General News

Cemetery bee at New Carlow cemetery May 7

May 3, 2022

By Mike Riley

Local Journalism Initiative Reporter

According to a posting on the Bancroft and Area history Facebook page on April 29, there is going to be a cemetery bee at New Carlow cemetery on May 7 at 9 a.m. They will be accepting monetary donations and donations of time and effort for those who want to help out with the maintenance. Alan Woodcox, the chair of the New Carlow cemetery board, talks more about the bee that will be taking place this weekend.

The New Carlow cemetery is located at 220 New Carlow Road, south of Boulter Road in Maple Leaf. Woodcox says that all the cemeteries around the area, including New Carlow cemetery, have a yearly work bee to cut the grass, fix any broken fence posts or repair any grave sites that have been damaged or fallen over. He says it is usually the first Saturday of May every year, and takes about two to three hours. This was with the exception of the past couple of years with COVID-19. Even then, he says that people who lived really close by would keep up with maintenance as best they could.

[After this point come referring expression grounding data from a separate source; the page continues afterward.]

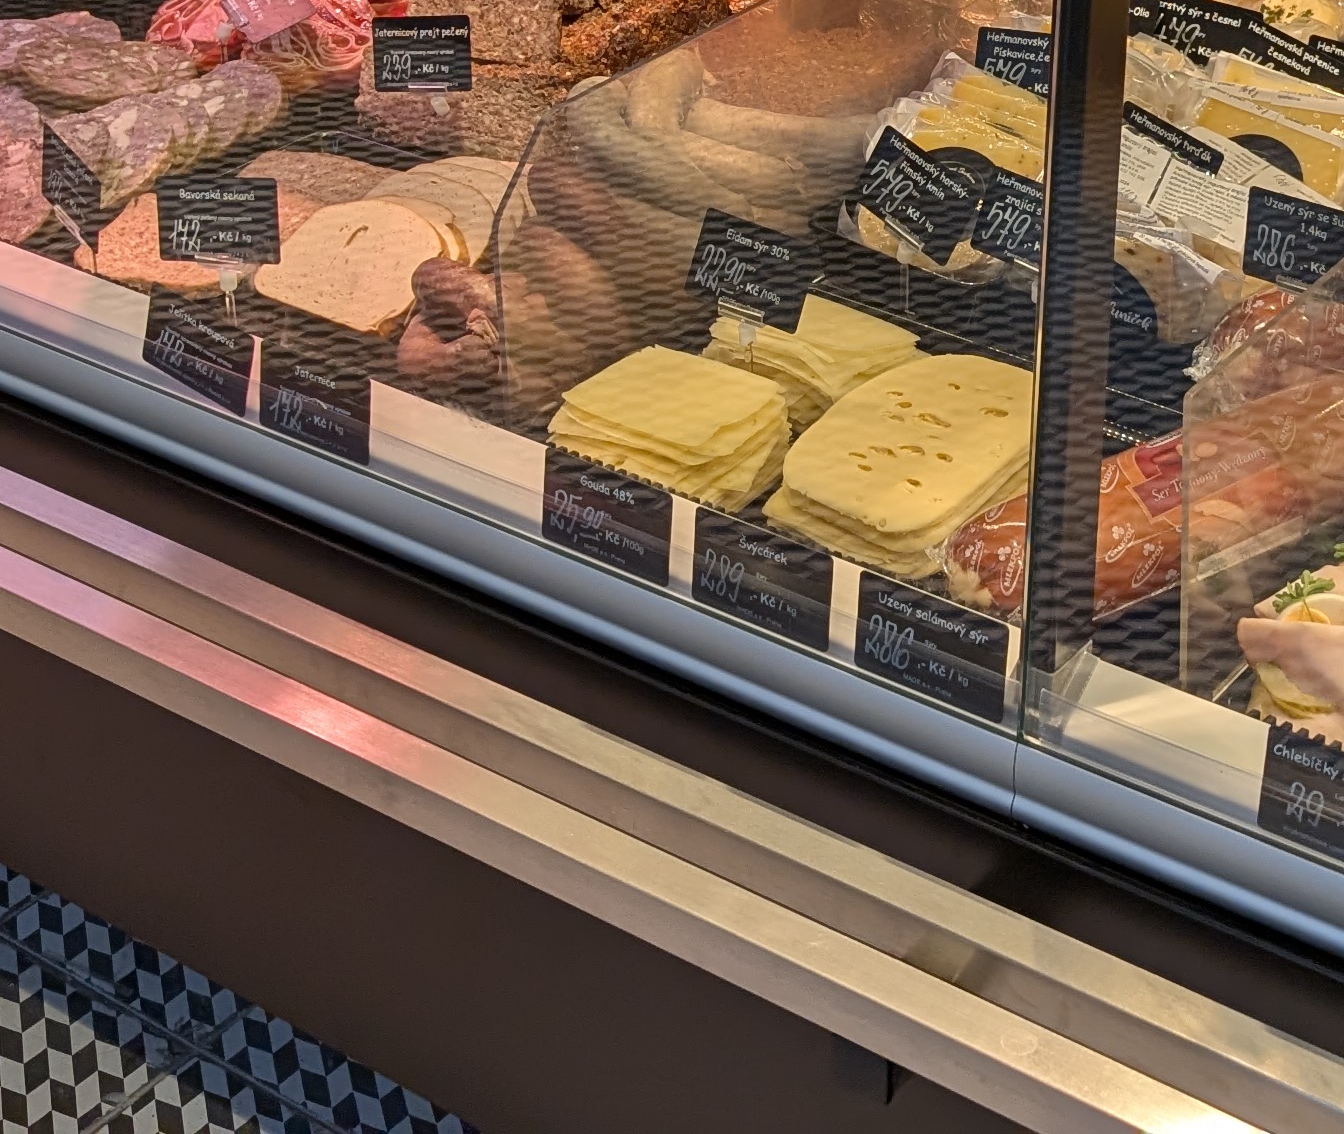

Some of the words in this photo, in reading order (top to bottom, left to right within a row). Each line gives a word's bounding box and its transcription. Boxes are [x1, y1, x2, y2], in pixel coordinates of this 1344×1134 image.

[986, 31, 1050, 49] Heřmanovský
[1130, 109, 1182, 148] Heřmanovský
[889, 133, 941, 179] Heřmanovský
[179, 188, 221, 201] Bavorská
[222, 191, 256, 202] sekaná
[1264, 195, 1296, 214] Uzený
[1298, 205, 1316, 221] sýr
[1317, 212, 1330, 225] se
[219, 231, 234, 242] Kč
[726, 228, 753, 248] Eidam
[753, 240, 769, 255] sýr
[770, 245, 790, 261] 30%
[294, 365, 337, 390] Jaternice
[580, 474, 610, 496] Gouda
[612, 487, 636, 506] 48%
[738, 533, 788, 566] Švýcárek
[760, 593, 776, 609] Kč
[878, 591, 913, 617] Uzený
[915, 609, 966, 638] salámový
[968, 629, 989, 645] sýr
[929, 660, 946, 678] Kč
[1273, 743, 1340, 781] Chlebíčky

“Our hunting camp is close there too and a tree fell down so we just came out during hunting season. A bunch of us there and cleaned it up. If anything needs to be done, you get hold of people and go get it done,” he says.

Woodcox says there was a time when there were enough people who lived around the cemetery to do the work, but now not so much, as people inevitably pass away. Consequently, they need donations to continue some of the work, especially hiring somebody to do the grass cutting, which is even more expensive with gas price increases nowadays.

“One of the guys has a backhoe that’s not too far up the road. There’ll be a couple of four wheelers with trailers on them taking pine needles away and that and a couple of limbs that need to be cut off some trees,” he says.

Woodcox says that in addition to fixing damaged or fallen over tombstones, they reorient stones that have settled.

“Over the years, sometimes you have tombstones that settle. They’re 80 or 90 years old and they’ve settled a bit. So, we get a couple of bars and lift them up and straighten them out. Somebody from the family comes and sees it and they’re all happy which is good,” he says.

Woodcox told Bancroft This Week on May 2 that his great grandfather, great aunts and uncles and some cousins are buried at the New Carlow cemetery, and he says that most of the people living in the area are third or fourth generation and have family and friends buried at the cemetery.

“Pretty well every cemetery has these [bees] and they’re always needing more to fix something or to do stuff,” he says. “It’s the church and the community of that cemetery that step up to the plate when stuff needs to be done.”